The National Science Foundation, an independent federal agency dedicated to promoting the progress of science, provided funding to three University of Arizona SIE researchers in September 2020. These prestigious grants, totaling more than $2.7 million, will allow the engineers to further their research into the fields of data science, STEM education and networked sensor systems.
"We're so proud of Ricardo, Qiang and Jianqiang for their hard work to earn these grants,” said Young-Jun Son, SIE department head. “Three new NSF awards in a department in one year would have been excellent news, but this is three in just one month.”
Machine Learning for Information Networks
Assistant professor Jianqiang Cheng is serving as co-principal investigator on a grant from NSF’s Information and Intelligent Systems division, which funds projects to study the interrelated roles of people, computers and information to increase the ability to understand data.
Yong Ge, an assistant professor of management information systems in the Eller College of Management, is the principal investigator on the project, “Learning to Hash Information Networks,” which will receive $330,000 in funding the first two years and up to $500,000 total. Many systems we use every day, such as social media networks, online shopping and internet search engines, involve information networks. One current focus in the field of data science is using machine learning to create effective representations of these networks. Doing so can lead to many benefits, like improving a network’s ability to offer accurate search results, rank the popularity of websites or predict the likelihood that two information nodes (such as two social media profiles) are related.
In this project, Cheng and Ge will be developing enhanced machine learning methods to improve these functions, while saving computational cost and storage space. The project aligns well with Cheng’s long-term research goal to develop more effective decision-making methods in industry.
“My role in the project is to develop technically sound and practically useful optimization methods for learning network data representations in a variety of information networks, including social networks and knowledge graphs,” Cheng said.
Increasing Kids’ STEM Engagement Through Sports
Professor Ricardo Valerdi is the founder of the Tucson-based nonprofit Science of Sport, which provides kids with hands-on sports activities to learn more about STEM topics. Kids learn about concepts like the launch angle of a baseball, the biomechanics of swimming or calculating the success rate of penalty kicks using fractions and decimals.
With a new $1.8 million grant from the NSF Advancing Informal STEM Learning program to increase youth engagement in STEM programs through sports, Valerdi will be building on the Science of Sport’s existing collaborations with Major League Baseball summer programs and Boys and Girls Clubs after school programs. In particular, his team will focus on providing greater exposure to STEM concepts for fourth through eighth grade Black, Latinx and female students – groups that are underrepresented in the field.

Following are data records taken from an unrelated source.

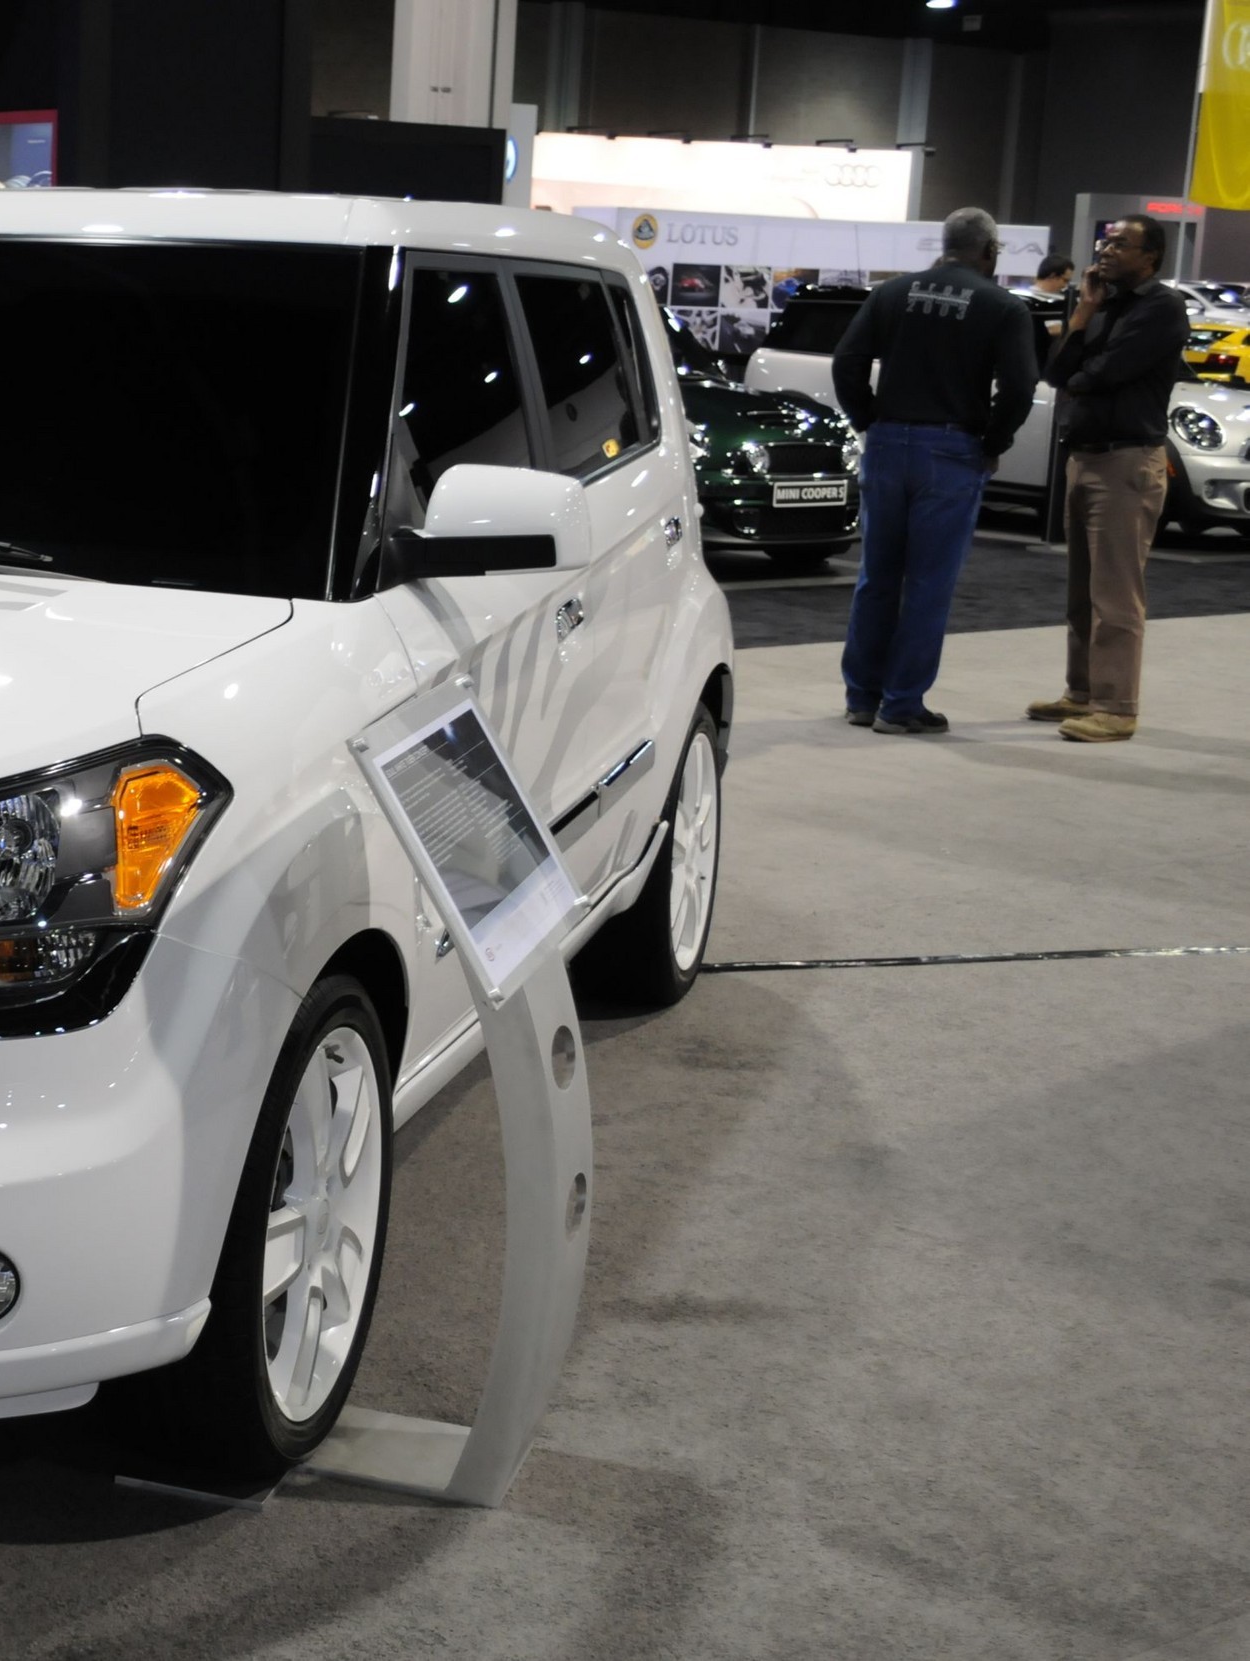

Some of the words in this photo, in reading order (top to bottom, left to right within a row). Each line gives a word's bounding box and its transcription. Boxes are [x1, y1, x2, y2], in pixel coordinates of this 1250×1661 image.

[666, 223, 739, 247] LOTUS
[776, 487, 801, 500] MINI
[801, 486, 838, 500] COOPER
[838, 486, 845, 498] S
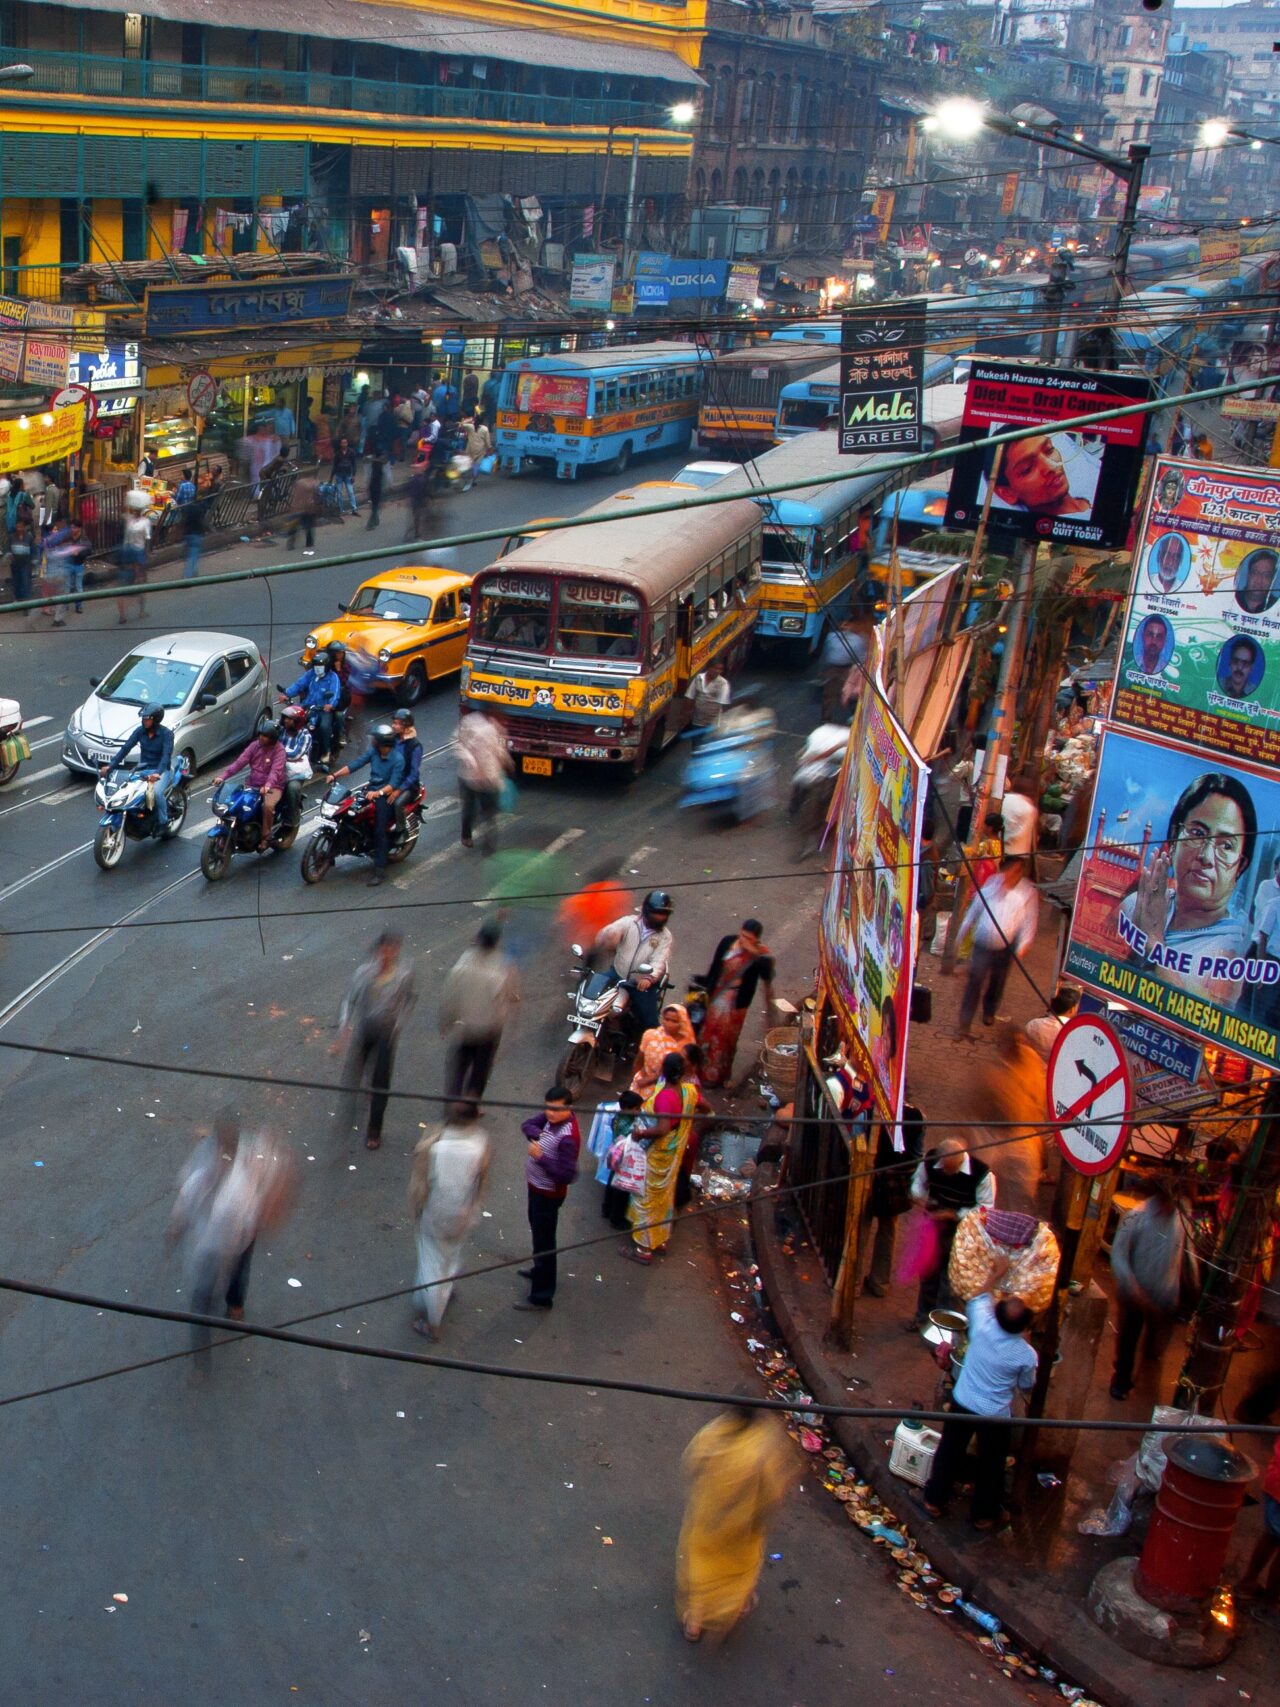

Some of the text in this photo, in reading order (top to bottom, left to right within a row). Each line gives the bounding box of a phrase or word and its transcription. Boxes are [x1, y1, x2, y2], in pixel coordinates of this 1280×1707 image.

[665, 273, 716, 285] NOKIA
[641, 285, 664, 296] NOKIA
[51, 305, 73, 319] TOUCH
[29, 342, 66, 359] Raymond
[853, 356, 870, 365] শুভ
[848, 368, 869, 384] প্রীতি
[871, 371, 878, 380] ও
[976, 369, 1097, 391] Mukesh Harane 24-year old
[974, 385, 1006, 403] Died
[1033, 391, 1064, 409] Oral
[848, 391, 915, 426] Mala
[845, 429, 915, 445] SAREES
[1189, 478, 1234, 500] जौनपुर
[1201, 502, 1260, 523] 123, काटन
[1052, 527, 1103, 541] QUIT TODAY
[1053, 521, 1103, 534] Tobacco Kills
[1240, 614, 1259, 627] कुमार
[561, 691, 605, 713] হাওড়া
[1226, 697, 1244, 711] प्रसाद
[1118, 911, 1280, 985] WE ARE PROUD
[1068, 950, 1277, 1059] Courtesy: RAJIV ROY, HARESH MISHRA
[1098, 1007, 1180, 1054] AVAILABLE AT
[1093, 1034, 1105, 1047] KTP
[1149, 1048, 1192, 1079] STORE
[1094, 1133, 1109, 1157] BUSES

“This project will focus on expanding and refining Science of Baseball activities to incorporate growth mindset experiences that focus on the value of effort, determination and learning from mistakes in both athletics and STEM,” Valerdi said. “We will also study the enactment and outcomes of the program and develop a model for training informal STEM learning facilitators that includes both in-person and online components.”
Valerdi and his team, including Erin Turner, a professor in the College of Education, will use this funding to gather empirical evidence about what works and what doesn’t so similar sports-focused STEM programming can be developed elsewhere.
Managing Battery Life in Networked Sensor Systems
SIE assistant professor Qiang Zhou is the principal investigator of a $479,000 grant from the NSF Division of Civil, Mechanical and Manufacturing Innovation to better manage the battery life of wireless devices in networked sensor systems. In these systems, hundreds or thousands of battery-powered nodes collect data and share it with the other sensors
These networks have been used for applications including efficient water quality monitoring, forest fire detection and machine health monitoring for many years. With the rise of the Internet of Things, these networks have become critical components of “smart” devices, ranging from cellphones to refrigerators to entire cities.
The wireless nature of these systems means they are flexible, but the limited nature of battery life poses challenges. This project will investigate ways to improve the performance of entire networked sensor systems by more effectively monitoring the life of individual batteries and developing cost-effective group replacement policies. It will involve creating an algorithm to accurately predict remaining battery life and developing a policy and schedule for maintaining and replacing groups of batteries.
“For IoT-enabled smart homes and cities, smart manufacturing, smart energy, and smart agriculture, an unprecedented number of battery-powered devices such as wireless sensors will be deployed in the field,” Zhou said. “Reducing the battery maintenance cost will be the key to their success.”